Peabody Sausage House isn’t alone in seeing more demand.

Burdick Meat Market, which is booked for six months, has customers traveling from as far as Dodge City, owner Dan Hageberg said.

“It’s kind of nice to have the business,” he said. “It’s just strange to have all these people who all of a sudden decided they had to have meat because they changed from what they used to do.”

People are willing to travel 2½ hours or more because they are unable to get in at their local meat lockers, Hageberg said.

“They just keep going further out,” he said. “Everybody just keeps reaching out further until they find a place that can get them in.”

He estimates his business is processing a full cow more of beef per day than before COVID-19. Hageberg also is taking in more venison, which he says is partially because not all meat lockers process deer.

Peabody Sausage House had to adapt to handle its increased production, Sheffler said. That included updating much of its equipment.

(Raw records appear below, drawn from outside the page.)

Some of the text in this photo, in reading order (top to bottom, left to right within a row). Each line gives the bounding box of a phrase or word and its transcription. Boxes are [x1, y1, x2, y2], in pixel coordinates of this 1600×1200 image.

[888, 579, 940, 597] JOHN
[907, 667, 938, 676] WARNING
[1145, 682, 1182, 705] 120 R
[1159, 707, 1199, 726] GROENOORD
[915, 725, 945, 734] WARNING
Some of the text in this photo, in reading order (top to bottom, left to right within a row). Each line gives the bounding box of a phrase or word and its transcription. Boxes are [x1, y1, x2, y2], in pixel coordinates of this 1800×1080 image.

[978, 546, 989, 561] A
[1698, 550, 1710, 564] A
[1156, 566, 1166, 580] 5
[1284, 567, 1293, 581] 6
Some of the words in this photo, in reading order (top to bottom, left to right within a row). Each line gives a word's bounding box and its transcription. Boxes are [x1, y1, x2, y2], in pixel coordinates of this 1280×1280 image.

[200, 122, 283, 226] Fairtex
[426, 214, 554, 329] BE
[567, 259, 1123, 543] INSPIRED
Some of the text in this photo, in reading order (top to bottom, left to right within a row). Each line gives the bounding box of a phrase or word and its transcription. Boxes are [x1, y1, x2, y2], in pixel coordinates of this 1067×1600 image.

“How can we use modern technology to get this thing running smoother?” he said. “We’ve implemented a lot of new technology and new ways to do things. I’m always looking at the new best thing; I want this thing to run more efficiently.”

Having more work also meant more than doubling staff. Peabody Sausage House went from having two employees when Sheffler and Callahan took over, to employing seven people.

“I’d like to add more eventually,” Sheffler said. “We have a lot of big plans for the future. It’s just that you can’t eat an elephant in one bite, you have to keep nibbling at it.”

The biggest limit for Hageberg is how much space he has available.

“I have about all the people right now that I can keep busy,” he said. “That’s where it all comes down to.”